The hot buffet items were mostly Asian in nature- think stir fried veggies, rice, curry, fried bi thai bak and sole fillet. There were also some spring rolls under a heat lamp, and a mushroom soup.
If none of the buffet options suit you, there is also a dine-on-demand menu, which orders takeaway from one of Jewel’s restaurants on your behalf.
Ice cream is available in the lounge, but it does seem so odd that, having spent so much adorning the lounge to give it sense of luxury and class, the catering team would end up skimping on the ice cream. Say what you will, but Nestle “Mat Kool Ice Confection” (good heavens, they can’t even legally call it ice cream) is not what you’d associate with a place like this.
A nearby minifridge stocked cans of Coke and Sprite, a choice of juices (not freshly squeezed), milk and individual bottles of Polar mineral water.
If you want the good stuff, you’ll need to pay for it at the bar. Access to the Changi Lounge comes with a complimentary Tiger Draft half pint, but everything else is chargeable.
Wines started at $15++ a glass, which is what you’d expect to pay at an airport.
Showers & toilets
The Changi Lounge boasts a total of three shower suites, at the rear of the lounge past the bar.
These are by far one of the most impressive features of the lounge. First up, they’re really big- much larger than the ones you’ll find even in some First Class lounges. Moreover, they’re designed with high quality fixtures- concealed toilets, bidet seats, rain showers, designer taps and marble washtops.
A toilet comes standard with every shower suite, plus there’s a space to store your luggage.
Each suite has two towels, plus basic amenities like a toothbrush set, comb, shaving razor and shower cap. Additional amenities are available on request.
The shower features a large-diameter rain shower, plus an additional hand shower. Bonus points for using a concealed shower drain too.
On the whole, the showers are definitely one of the highlights of the lounge. They’re clean, spacious, and given the low utilization of the lounge, there was zero waiting time to use one.
The Changi Lounge is an impressive facility, and one hopes that JetQuay takes visual cues from it when redesigning their drab and dreary CIP terminal.
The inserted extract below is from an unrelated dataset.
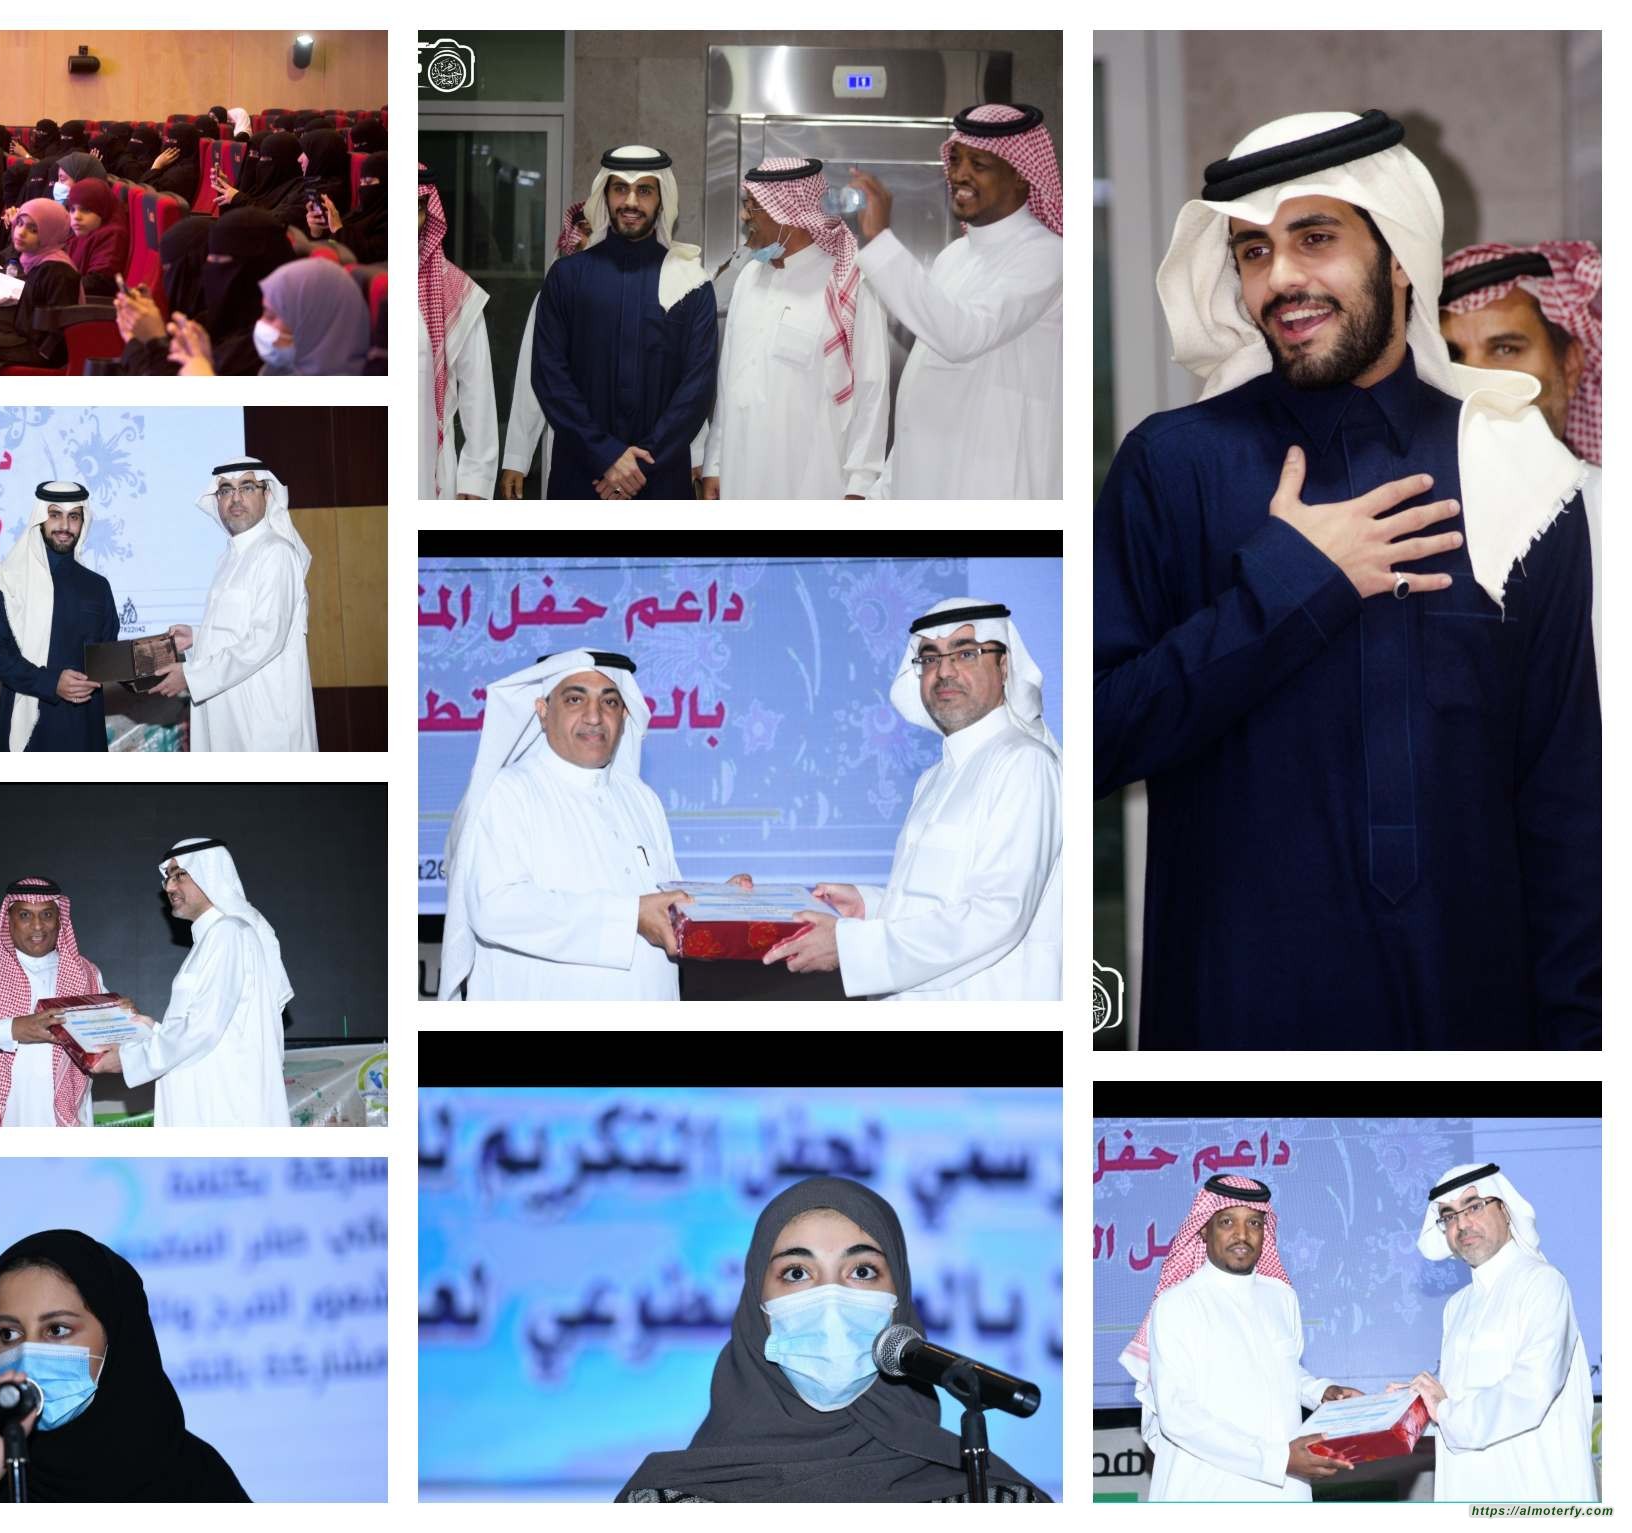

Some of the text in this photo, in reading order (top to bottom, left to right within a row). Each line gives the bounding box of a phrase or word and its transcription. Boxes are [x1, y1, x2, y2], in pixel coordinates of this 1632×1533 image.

I particularly liked the shower suites, and the lightning fast Wi-Fi made getting work done a breeze.
Some not-so-ideal things include the lack of complimentary alcohol, and the need to pay an upcharge for a nap room. The lack of a premium ice cream option also seemed a bit odd, given the otherwise luxurious confines.
I’ve only been to Jewel a handful of times, but every time I’ve popped my head into the Changi Lounge, it seems to be deserted. On the one hand, that’s good- it means it’s a relative oasis amidst the bustle of the airport. On the other, one hopes the lack of utilization doesn’t lead to its early demise.